Widening the lens, we have six continents with front lines active for over a century. There are secondary invasions displacing primary invasions in sequences that render the original ecological baseline unrecoverable in human timescales. We have an intercontinental supercolony constituting the most populous cooperative society ever documented on this planet. On one small island in the Indian Ocean we have a complete ecological system dismantled by a species that was simply foraging.
The one force that has demonstrated consistent capacity to reverse the invasion is not a competing species. The climatic forces of heat, aridity, drought: these impartial factors are the only ones with the efficacy to reverse and change the front lines. The New Zealand collapse remains a true mystery, an empire that retreated spontaneously, for unknown reasons, leaving communities indistinguishable from pre-invasion baselines. One generation it was there and fourteen years later, it was not. No successor ant state or invasion has been identified. If there is a mechanism operating in those abandoned sites, it too remains unknown. Working it out could be the most important defensive tool for humans in the coming century, to rout and reverse the flow of invasive ant species.

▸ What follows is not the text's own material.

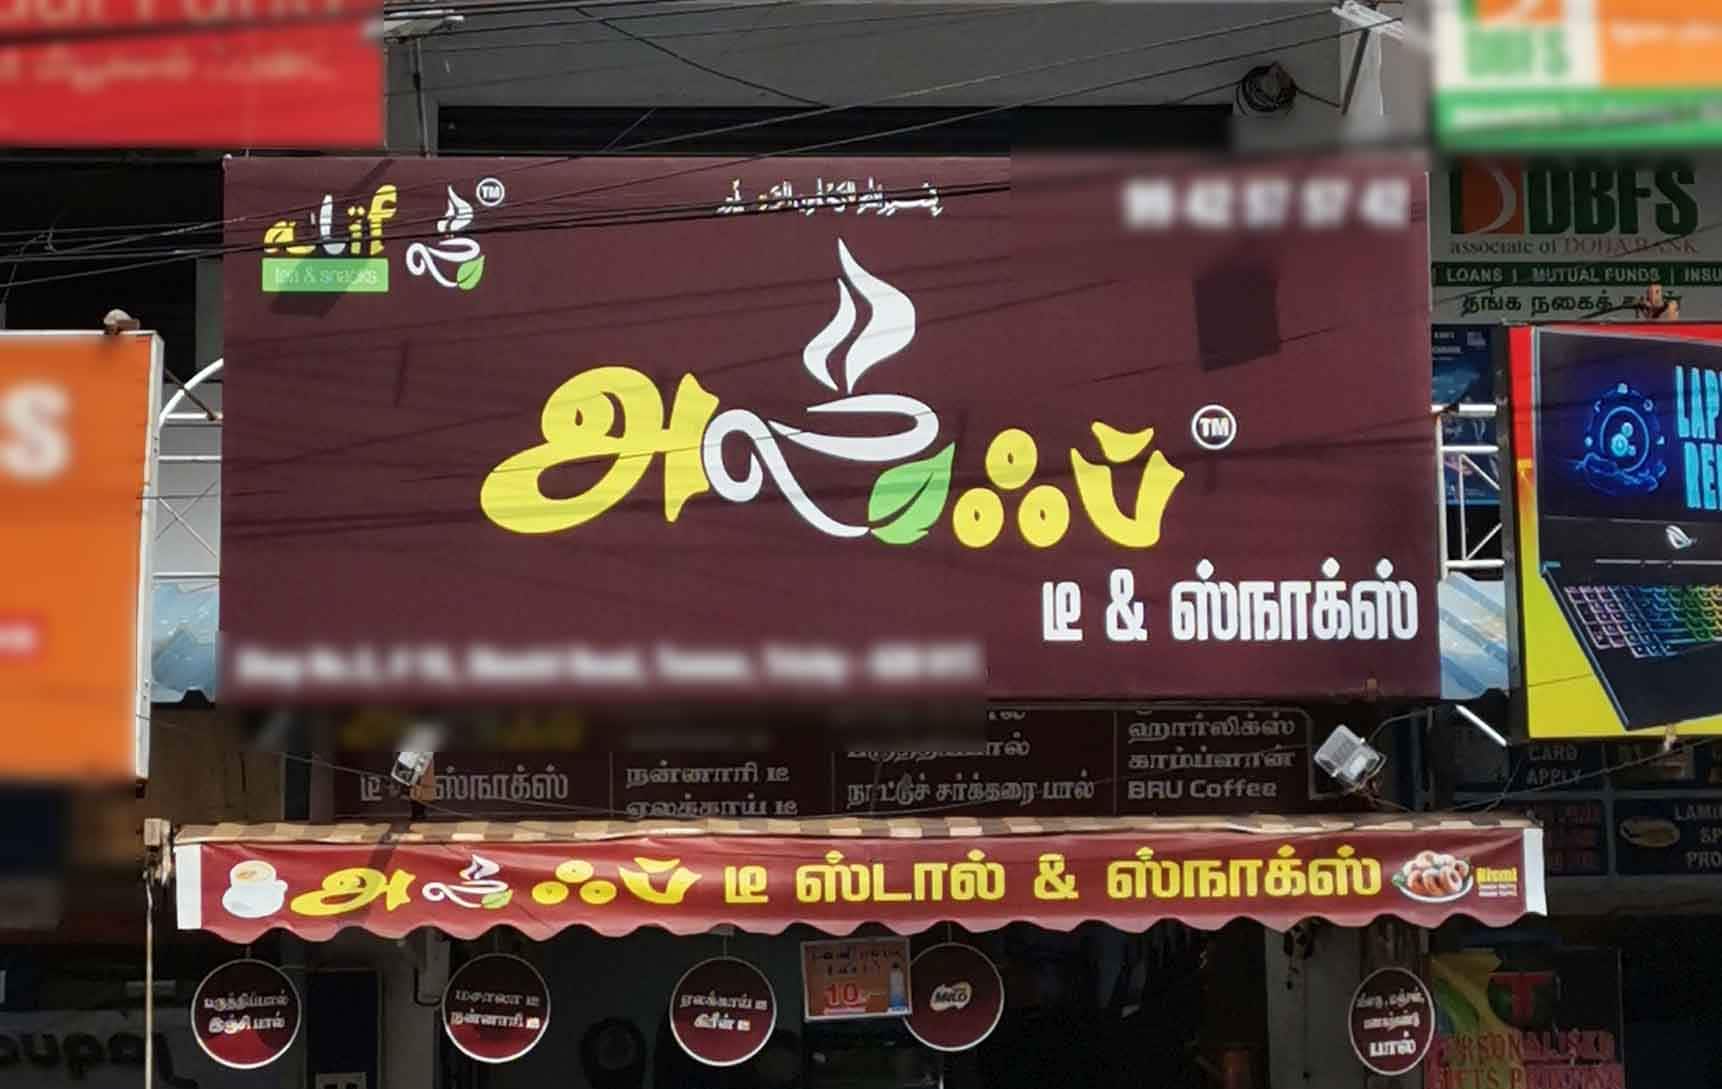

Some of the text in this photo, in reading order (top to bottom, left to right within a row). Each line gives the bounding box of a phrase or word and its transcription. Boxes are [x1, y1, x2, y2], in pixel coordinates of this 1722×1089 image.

Beneath the reader’s feet, the engagement continues, as it has done for around forty million years. Your cities, gardens, your patios, terraces, farmlands, fields, your roads, tracks and runways, these may already constitute occupied territory. The warning signs are trail pheromones and alarm compounds and propaganda substances, invasion columns, nest entrances and slave armies. The war began before the human species existed, and will in all probability, continue for long, long after. One day humans may accidentally transport ants to other planets, they may create supply routes that span the solar system and beyond, unintentionally expanding Earth’s most ancient conflict to the stars.




Now we have an entire article for the Ants are 40k irl meme. Fantastic. I shall read when time allows.
Hells yeah.
It pains me that nobody has taken the task of making an RTS game in this vein. I have a list of like 40 odd ants and their unique traits that would make great upgrade paths or playable races.
There was Ant Rush near 20 years ago, but it was more a coding practice for the dev. Everyone else making ant games are making phone slop.